Their presentation was the first of a three-part effort, the 2019 Ronald H. Brown African Affairs Series, that will conclude with two events held in Washington, D. C. later this year. The series is sponsored by the Constituency for Africa (CFA).
Others who spoke on Saturday included the Rev. Johnathan Weaver, pastor of Greater Mt. Nebo AME Church in Bowie; Ambassador Robin R. Sanders, President of FEEEDS Advocacy Initiative and the former U.S. Ambassador to the Republic of the Congo and to Nigeria; Izmira Aitch, Legislative Assistant to Rep. Gwen Moore (D-Wis.); Dr. Runoko Rashidi, anthropologist and historian with Global African Presence; Dr. Nemata Blyden, author, “African Americans & Africa – A New History;” and Melvin P. Foote, President of the Constituency for Africa (CFA).

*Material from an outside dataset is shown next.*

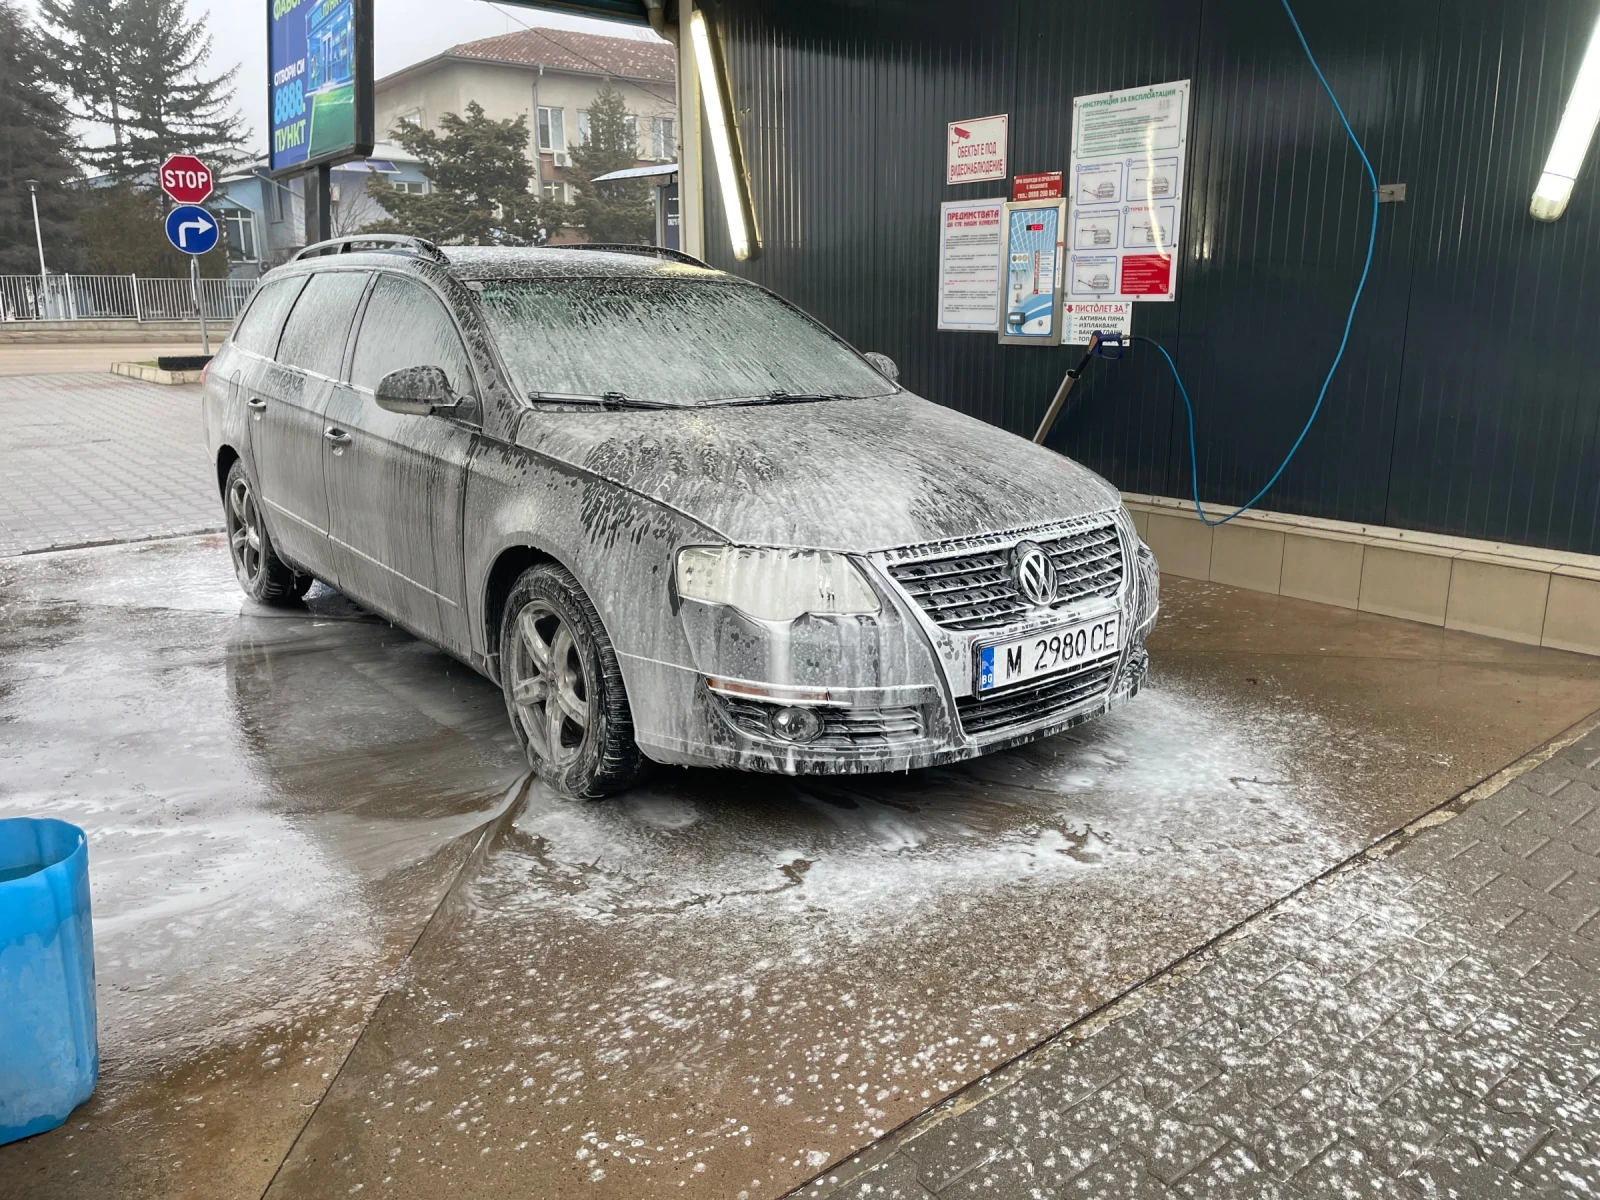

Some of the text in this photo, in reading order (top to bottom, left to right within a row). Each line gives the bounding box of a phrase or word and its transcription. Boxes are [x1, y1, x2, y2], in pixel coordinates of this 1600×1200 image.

Presentations included those by Jeannine B. Scott, Chairman of the Board of Directors, CFA; Adrian Holmes of AlphaGenesis CDC; Mary Turner of the Harriet Tubman Underground Visitor Center; Walter Black of the Frederick Douglass Honor Society; Rip Cornish, freshman at Cambridge-South Dorchester High School; Dr. Julius Garvey, son of the legendary Pan-Africanist Marcus Garvey; LaShon Foster of Cambridge City Council; Rev. James Whitaker of Waugh United Methodist Church; and Tony Regusters, broadcast producer and documentary film maker.
Dignitaries attending included Harriet Tubman relatives and descendants; representatives from the City of Cambridge council; Dorchester County Council; Dorchester Chamber of Commerce; Sen. Chris Van Hollen(D-Md.)’s office; Rep. Andy Harris’ (R-Md.-1st) office; Maryland Delegates Johnny Mautz, R-37B-Talbot and Chris Adams R-37B-Wicomico; Sen. Addie Eckardt, R-37-Mid-Shore; Cambridge Mayor Victoria Jackson Stanley and many more.
Late in the afternoon, some participants took a tour at the Harriet Tubman Underground Railroad Visitors Center, about a 20 minute drive from Cambridge, then joined others back in town for “The Gathering” at Cannery Way. Performers there included spoken word artist Christie Camper, Harriet Tubman reinactor Christine Dixon, soloist Suzette Prittchet and many others.